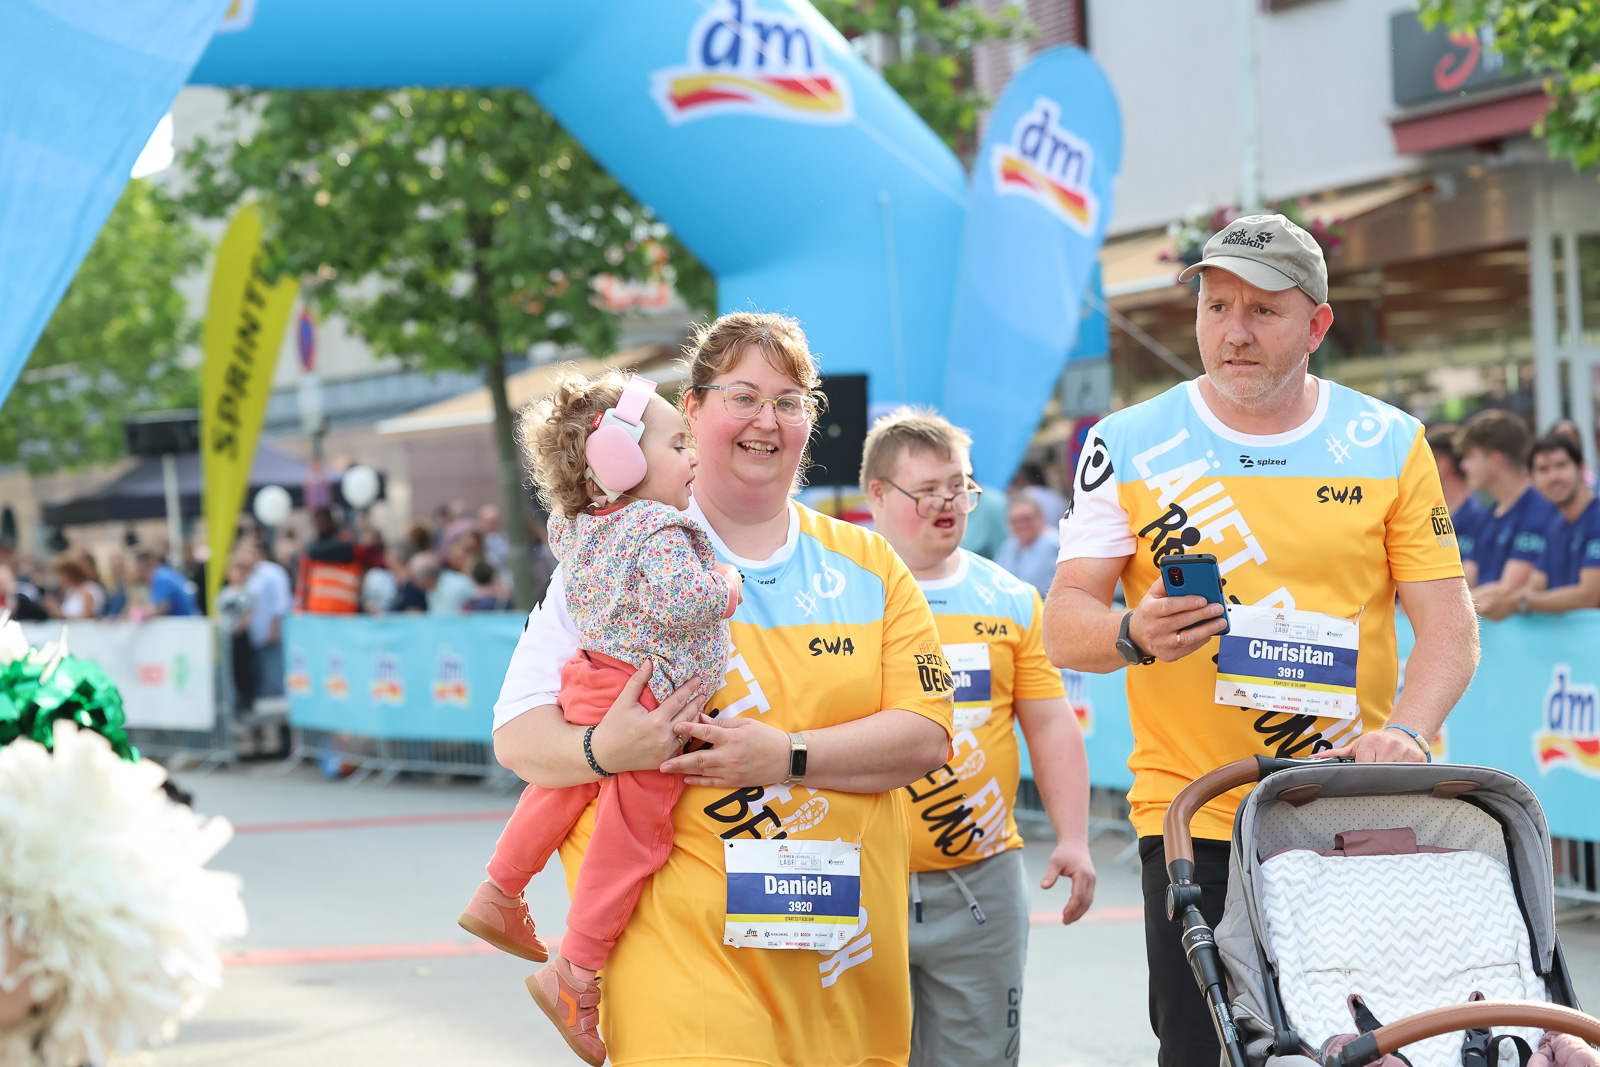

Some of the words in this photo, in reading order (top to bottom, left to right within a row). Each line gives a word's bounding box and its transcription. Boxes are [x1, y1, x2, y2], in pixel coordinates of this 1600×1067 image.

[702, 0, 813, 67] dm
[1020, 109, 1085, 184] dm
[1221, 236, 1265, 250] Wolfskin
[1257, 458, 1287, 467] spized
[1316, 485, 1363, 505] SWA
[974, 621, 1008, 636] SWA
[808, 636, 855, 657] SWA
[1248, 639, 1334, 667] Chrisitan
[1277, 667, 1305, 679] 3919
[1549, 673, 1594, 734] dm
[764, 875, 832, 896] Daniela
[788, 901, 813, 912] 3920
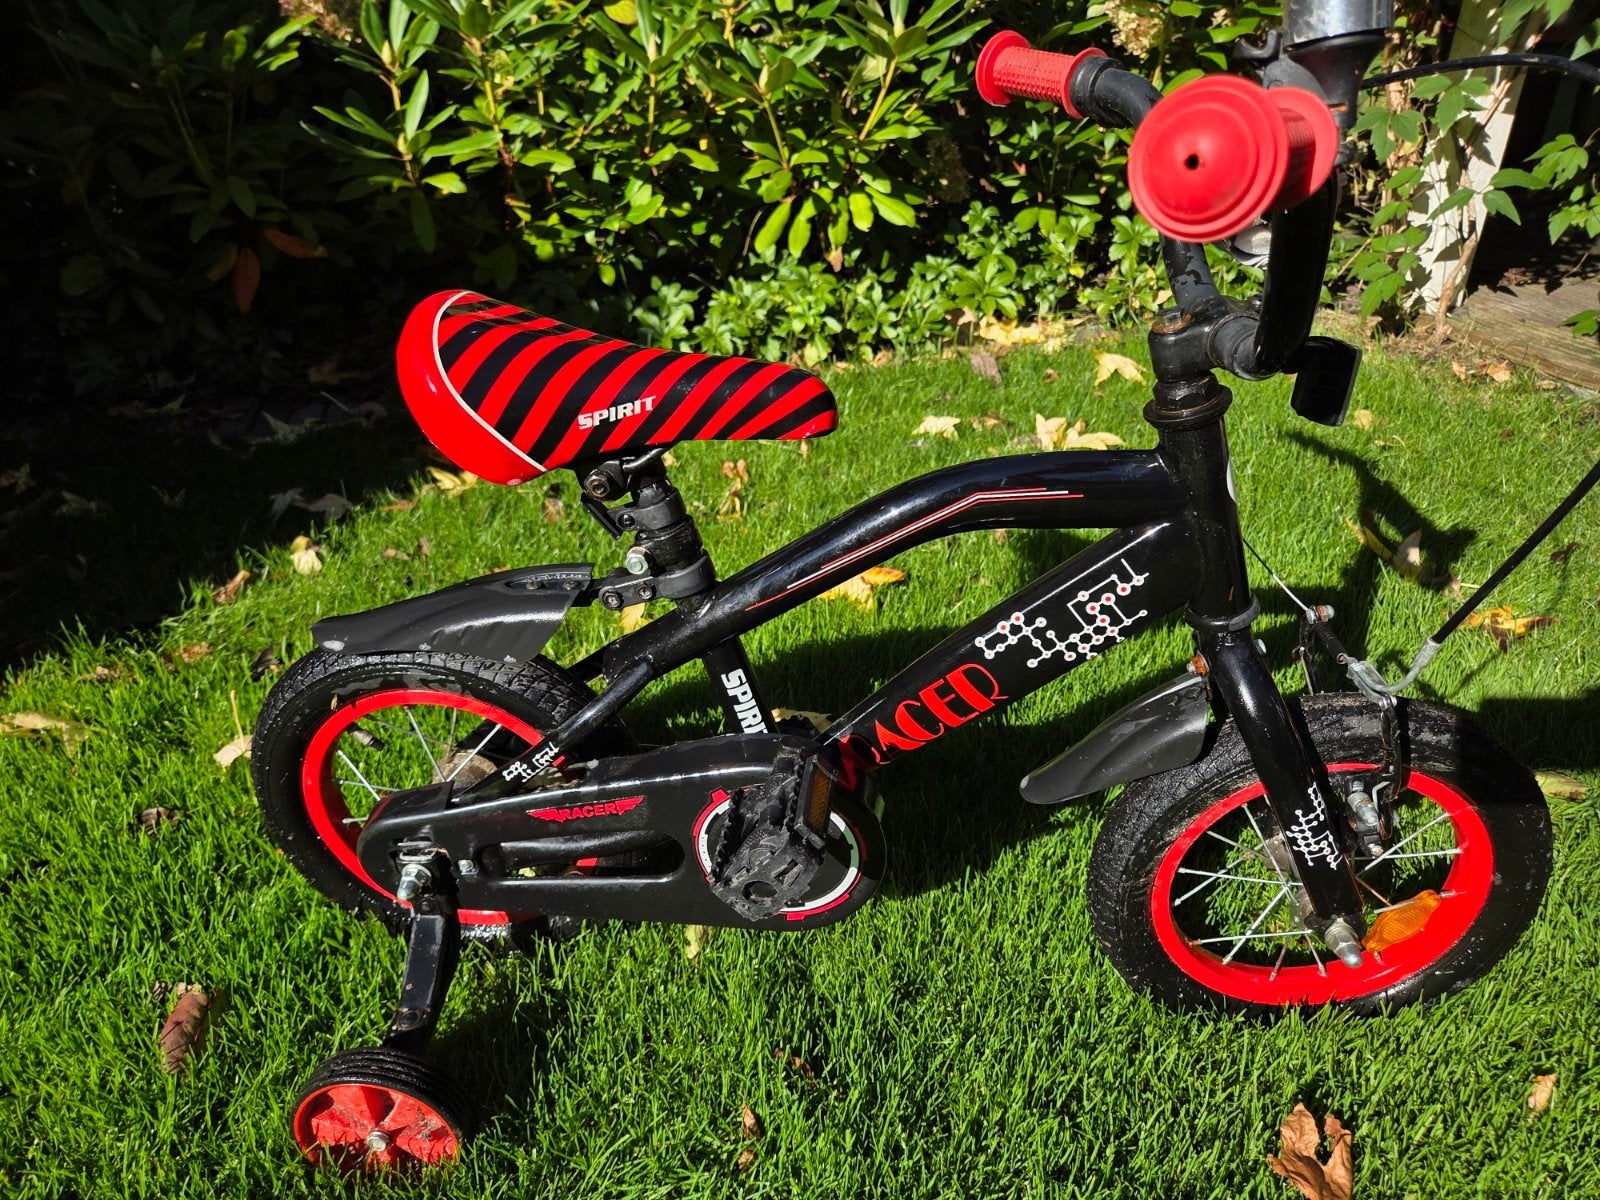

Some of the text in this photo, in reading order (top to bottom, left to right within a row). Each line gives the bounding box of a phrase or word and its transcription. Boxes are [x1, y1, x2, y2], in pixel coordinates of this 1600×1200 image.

══════════

◆ What the task asks
Return each entry exactly as given. Leave the images out.

◆ Result of the task
Some of the words in this photo, in reading order (top to bottom, left to right within a row). Each line gives a word's bounding box and its transcription. Boxes are [x1, y1, x2, y2], in pixel coordinates of this 1600×1067 image.

[702, 0, 813, 67] dm
[1020, 109, 1085, 184] dm
[1221, 236, 1265, 250] Wolfskin
[1257, 458, 1287, 467] spized
[1316, 485, 1363, 505] SWA
[974, 621, 1008, 636] SWA
[808, 636, 855, 657] SWA
[1248, 639, 1334, 667] Chrisitan
[1277, 667, 1305, 679] 3919
[1549, 673, 1594, 734] dm
[764, 875, 832, 896] Daniela
[788, 901, 813, 912] 3920

Some of the text in this photo, in reading order (top to bottom, left to right within a row). Each line gives the bounding box of a phrase or word and its transcription. Boxes are [x1, y1, x2, y2], in pixel coordinates of this 1600×1200 image.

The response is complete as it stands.